Education Matters: Surviving the dreaded faculty meeting

Editor's Note: Numerous instances of plagiarism have been discovered in Dan Kimber’s “Education Matters” column, which ran in the News- Press from September 2003 to September 2011. In those columns where plagiarism has been found, a For the Record specifying the details will be appended to the piece.

I consider myself fairly knowledgeable on the subject of group dynamics of children when they are assembled at a time and in a place that is not necessarily of their choosing — like, for instance, in a classroom.

I am less of an expert when grown-ups gather under similar circumstances, like at a faculty meeting, but I do see some interesting parallels.

We teachers, if I may speak for a good number of us, generally dread faculty meetings. They happen once a month, regardless of whether there is something that we need to talk about. The topics covered are often hastily prepared to fill the required hour and a half with announcements that could have been easily dispensed with during the regular working hours. Be that as it may, we dutifully and regularly gather together for our “professional collaboration,” leaning toward the exit before we even sit down.

There are a number of things I miss about teaching now that I’m retired, but sitting through faculty meetings is definitely not one of them.
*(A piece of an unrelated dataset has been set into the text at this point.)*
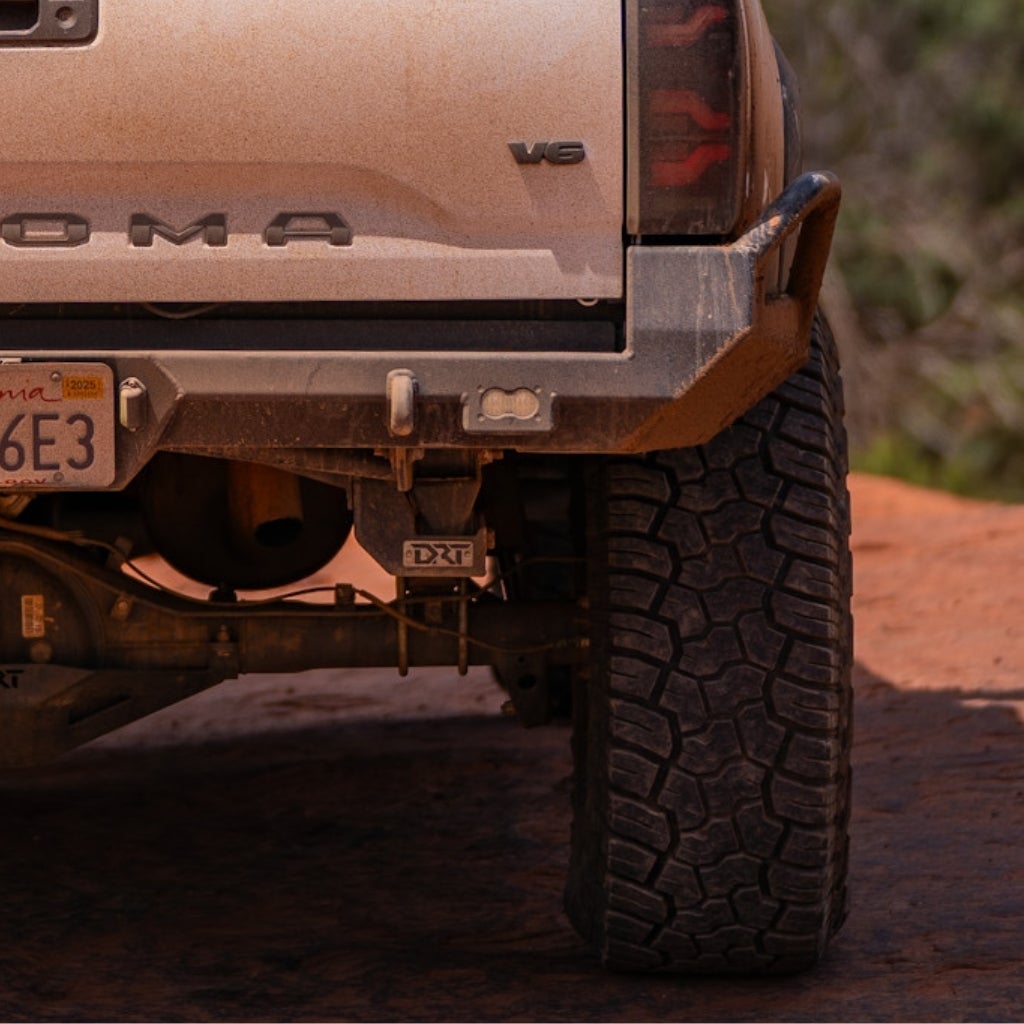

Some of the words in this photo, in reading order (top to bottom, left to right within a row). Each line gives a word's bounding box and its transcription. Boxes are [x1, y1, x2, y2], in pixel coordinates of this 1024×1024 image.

[507, 141, 585, 164] V6
[69, 380, 96, 390] 2025
[410, 543, 471, 564] DRT
I can still picture a room full of rolled eyeballs (“Why does she insist on asking questions at the end of each meeting, prolonging our agony?”), clock watchers (“Get me out of here”), as well as a bunch of adults acting up like the kids they just got through teaching.

Sitting together and joking with friends, talking during a presentation, drawing pictures, grading papers, passing notes, making wise cracks, nodding off — anything but pay attention to yet another Power Point presentation of statistical charts, or an administrator droning on about tardy policy or some other subject of equally compelling interest.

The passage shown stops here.